Business is a form of economic activity framed by a set of rules. Those rules can be changed.

Economic activity happens all the time, whenever we’re doing anything useful or productive for ourselves, our families or our communities. Business is a way of organising that activity within a group, so that people can share resources and be more productive.

Productive activity within a group generally requires a much larger financial investment than an individual would need, so the rules are designed to favour investors, to encourage people to invest and receive the profits from the business.

But it doesn’t follow that people setting up in business are only in it for the money profits. There are not-for-profit and co-operative businesses as well as those making money for their owners, and even these owners are often keen to operate more inclusively and sustainably.

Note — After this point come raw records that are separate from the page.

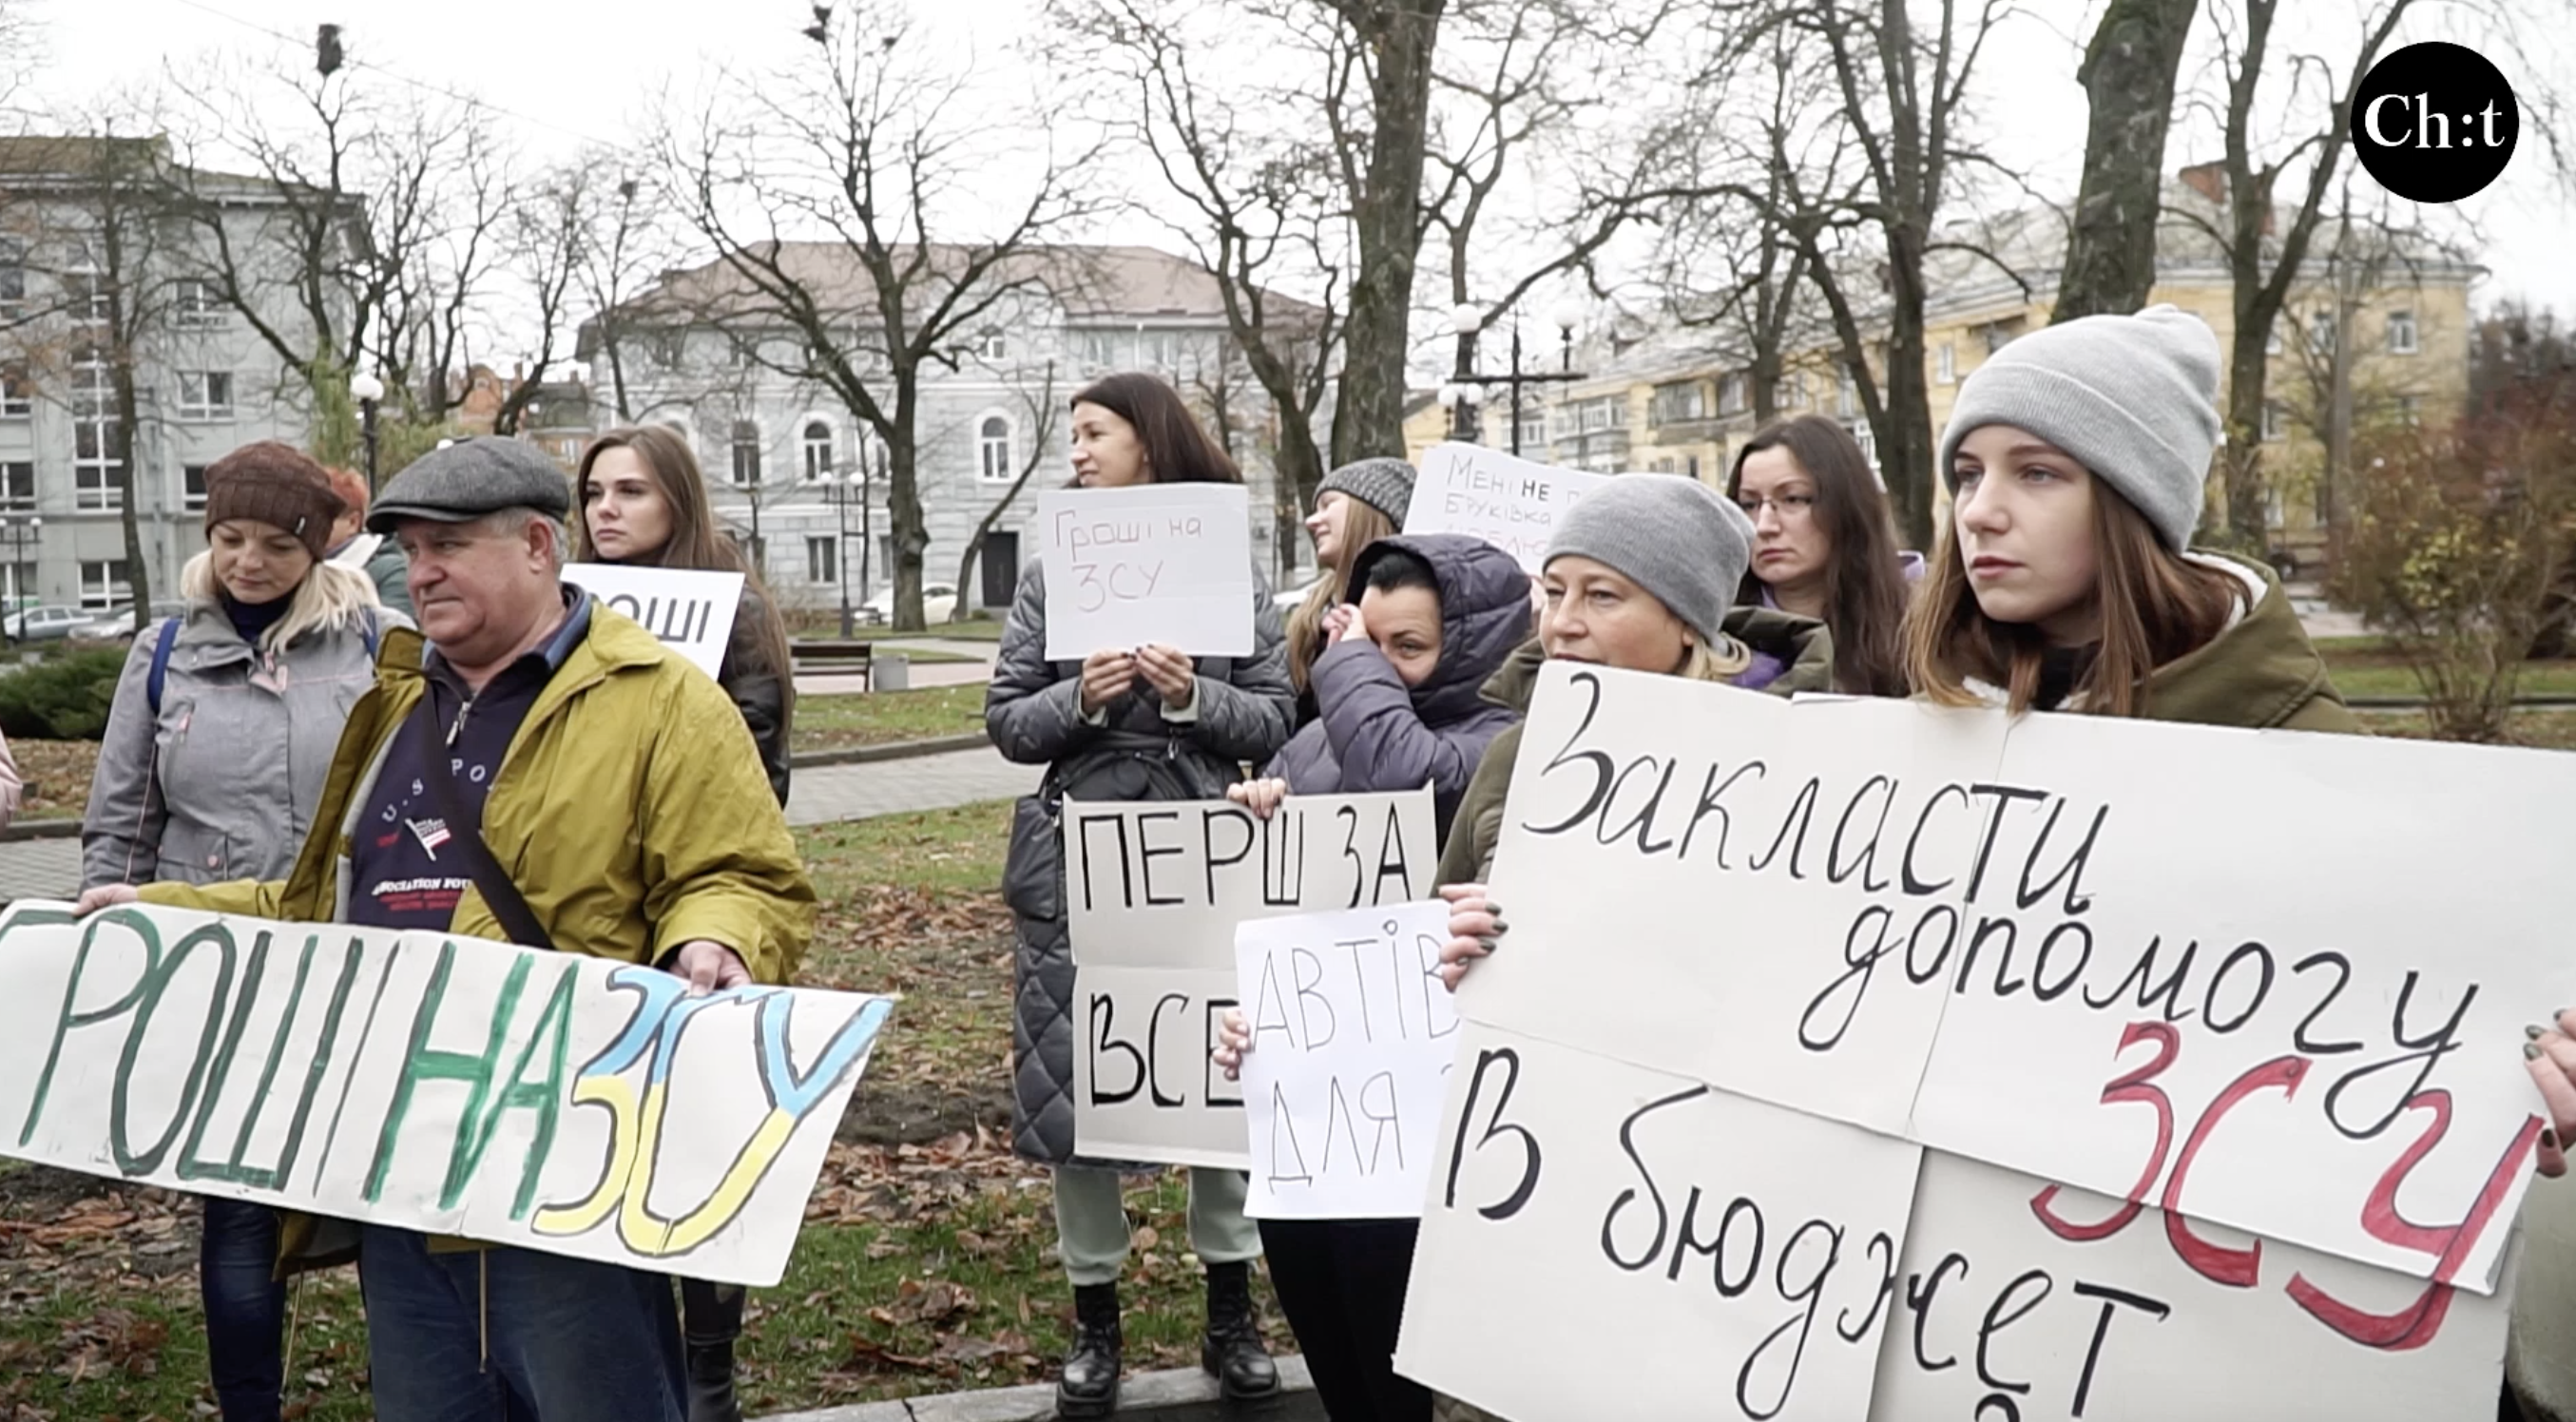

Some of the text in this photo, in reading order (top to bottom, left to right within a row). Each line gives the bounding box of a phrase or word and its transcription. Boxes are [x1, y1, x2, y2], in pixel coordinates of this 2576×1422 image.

[1168, 516, 1202, 539] на
[1521, 478, 1552, 503] НЕ
[1070, 559, 1164, 613] ЗСУ
[1079, 800, 1413, 912] ПЕРШ ЗА
[1521, 671, 2109, 913] Закласти
[362, 940, 581, 1220] НА
[529, 965, 894, 1258] ЗСУ
[1798, 902, 2480, 1140] допомогу
[1268, 1070, 1405, 1194] ДЛЯ
[2029, 1021, 2547, 1351] ЗСУ
[1444, 1047, 2171, 1421] В бюджет

Rules that favour money-investors over workers, suppliers, customers and other stakeholders (as well as the environment) make that difficult. When money-making is the sole objective, it’s normal for companies to operate to the lowest standards and with the lowest wages that the rules will allow. So it’s hard to stay in business if you want to do something different.

Companies are “legal persons”, but unlike real people they have no human characteristics to help guide their behaviour. Instead they’re guided by company law, which says that they exist to get the best financial return for their shareholders. That law could change, so that money-making becomes only one of a range of social and environmental priorities that companies exist to serve.

That’s why rules matter. Most companies will obey a legal standard provided it’s the same for everyone. If we want a system of business that works for everyone we simply have to change the rules.